Você acredita que bruxaria funciona no futebol? Bom, no campeonato nacional de Ruanda, em 2016, um caso indicou que sim. Antes de contar o que aconteceu, é bom contextualizar o poder da feitiçaria, superstição, “Juju” – ou como você preferir chamar –, no futebol africano.

No Brasil, é comum vermos jogadores com santinhos, terços ou até ficando de joelhos para orar, buscando uma bênção para que suas equipes vençam. Quase todo torcedor tem sua superstição, mas na África isso é levado muito mais a sério.

Momento em que Moussa Camara pega artefato “mágico” do goleiro rival e sai correndo para tentar quebrar a bruxaria do rival. Foto: Reprodução/YouTube.

É um equivoco analisar o futebol africano como uma unidade, afinal cada país tem o seu costume, sua cultura e sua escola futebolística, seja dentro ou fora de campo. No entanto, há de se ressaltar a relevância que a “bruxaria” tem para a modalidade no continente.

Há vários casos de repercussão internacional em duelos de clubes e seleções africanas, em que confusões nos gramados e nas arquibancadas foram geradas por acusações de feitiçaria. Geralmente, esse suposto tipo de trapaça é utilizado para acusações ou como justificativa de derrotas.

Alguns casos

2001 – Numa partida pela Liga Queniana, entre Leopards e Mathare United, um cachorro urinou na bandeirinha, e os torcedores do Leopards viram bruxaria nisso, um deles até invadiu o campo para perseguir o “feiticeiro” de quatro patas.

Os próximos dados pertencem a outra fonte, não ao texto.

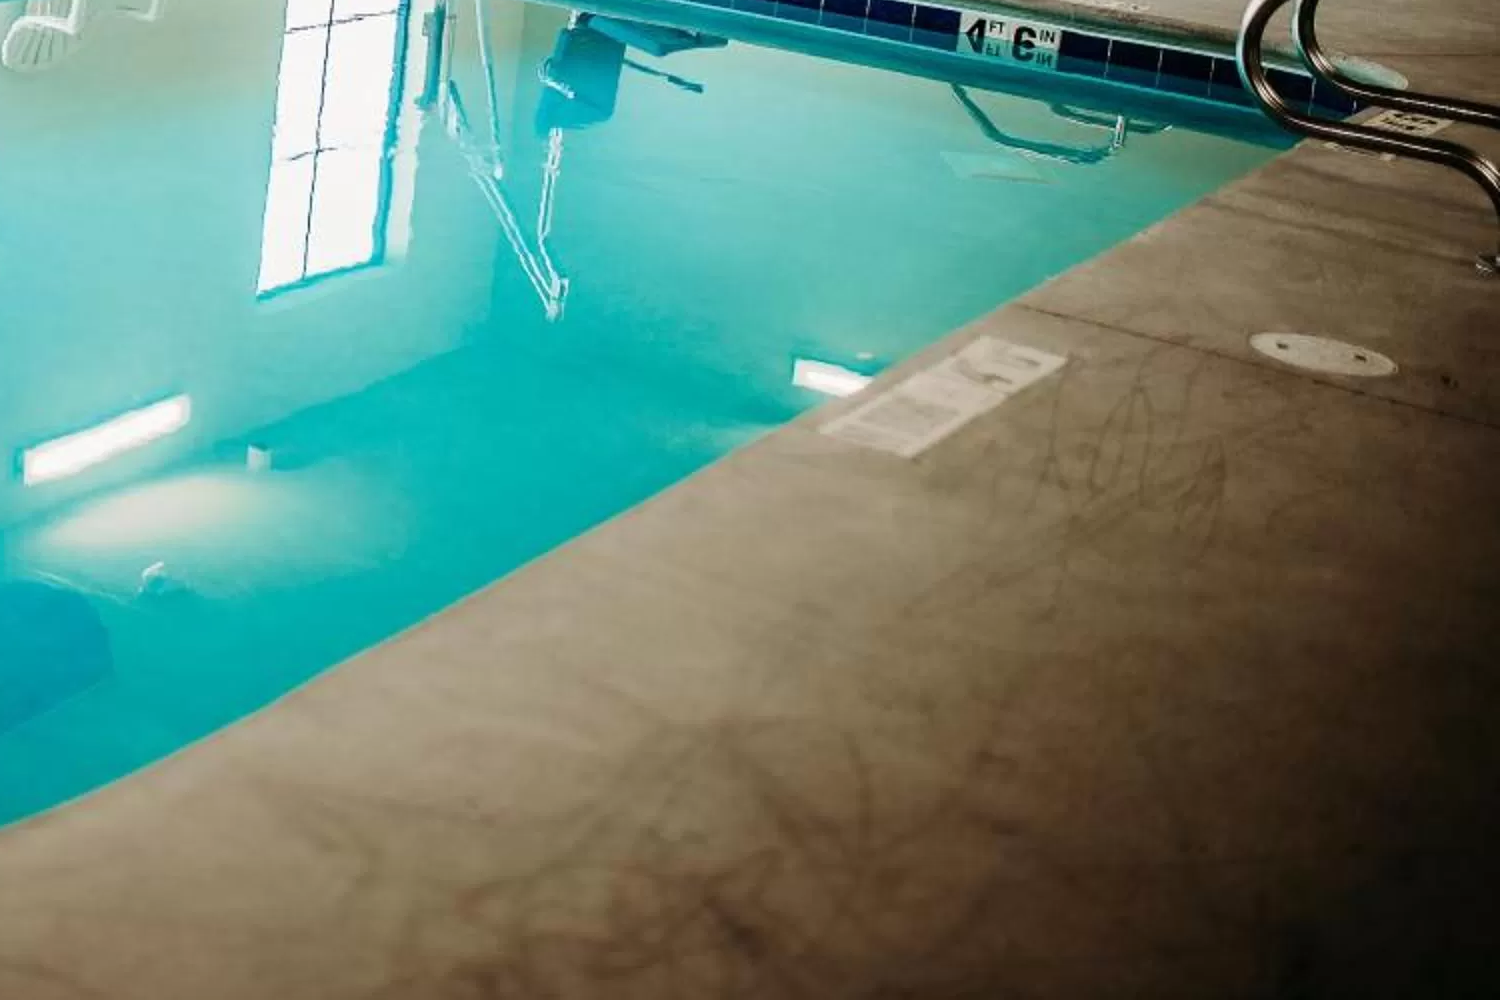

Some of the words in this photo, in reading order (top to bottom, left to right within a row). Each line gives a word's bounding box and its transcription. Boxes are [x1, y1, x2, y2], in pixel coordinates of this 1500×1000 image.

[966, 18, 987, 41] 4
[989, 20, 1005, 34] FT
[1013, 26, 1037, 50] 6
[1040, 30, 1055, 43] IN
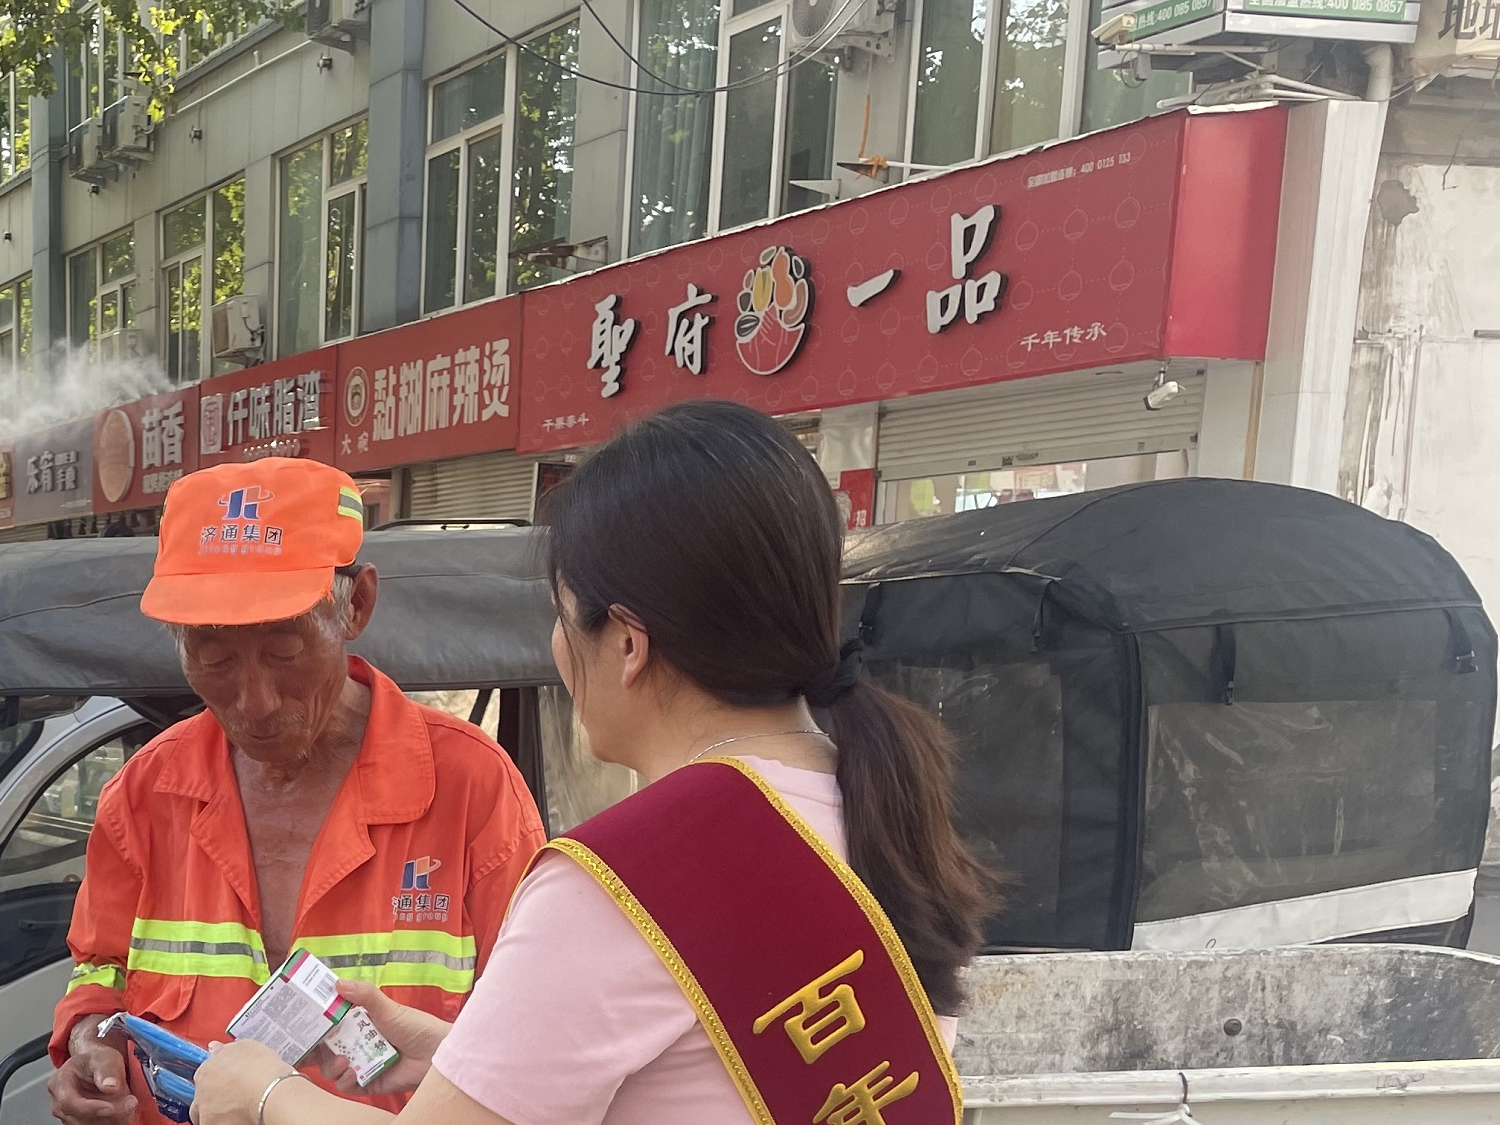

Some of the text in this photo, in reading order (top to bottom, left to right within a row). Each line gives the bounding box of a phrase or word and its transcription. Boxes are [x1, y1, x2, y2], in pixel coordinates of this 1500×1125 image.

[1097, 155, 1115, 170] 0125
[1118, 152, 1131, 165] 133
[847, 204, 1003, 335] 一品
[1019, 321, 1108, 352] 千年传承
[200, 524, 284, 546] 济通集团

2002 – O técnico e o treinador de goleiros de Camarões foram presos pelos guardas de campo por colocarem um “pó mágico” no campo, antes da confronto contra Mali, pela Copa Africana das Nações.

2013 – No Zimbábue, o Caps United acusou o How Mine de usar “Juju” – termo que remete a algo sobrenatural e assustador, associado a feitiçarias –, e resultou numa confusão enorme.

2016 – O presidente do Zamalek, do Egito, acusou o Mamelodi Sundowns, da África do Sul, de usar “magia e feitiçaria”, na vitória dos sul-africanos na final da Liga dos Campeões da CAF.

E esses são apenas alguns dos muitos exemplos, que, para a Confederação Africana de Futebol, são motivo de vergonha para a imagem do futebol continental, tanto que as “bruxarias” são proibidas nos jogos internacionais para evitar as confusões.

A questão é que, entre a torcida, a discussão não para e, em alguns países, dentro de campo, os amuletos e ritos ainda são permitidos. Esse era o caso em Ruanda.

Num país autodeclarado liberal em relação à religião, apesar do histórico de influência católica no genocídio de 1994, as expressões das crenças eram permitidas nos gramados, pelo menos até o final de 2016.

O dia em que, aparentemente, a magia funcionou

Premier League da Ruanda, 16 de Dezembro de 2016. O Mukura Victory recebia o Rayon Sports.

No início da partida, o goleiro do Mukura pegou um amuleto e o enterrou perto da sua trave. A justificativa: amaldiçoar o Rayon, líder do campeonato, e proteger sua meta.

O primeiro tempo terminou 0 a 0. Na etapa final, os donos da casa saíram na frente, e foi aí que a polêmica começou.

Favorito, o Rayon começou a pressionar. Finalizava, pressionava, mas não marcava.

Num momento em que o goleiro do Mukura estava caído, o protagonista dessa história, Moussa Camara, camisa 9 do Royan Sports, pegou o amuleto do adversário e o jogou pra longe.

A partida parou, teve confusão entre os futebolistas e na arquibancada, mas o artefato “mágico” foi recuperado e voltou para perto do seu dono.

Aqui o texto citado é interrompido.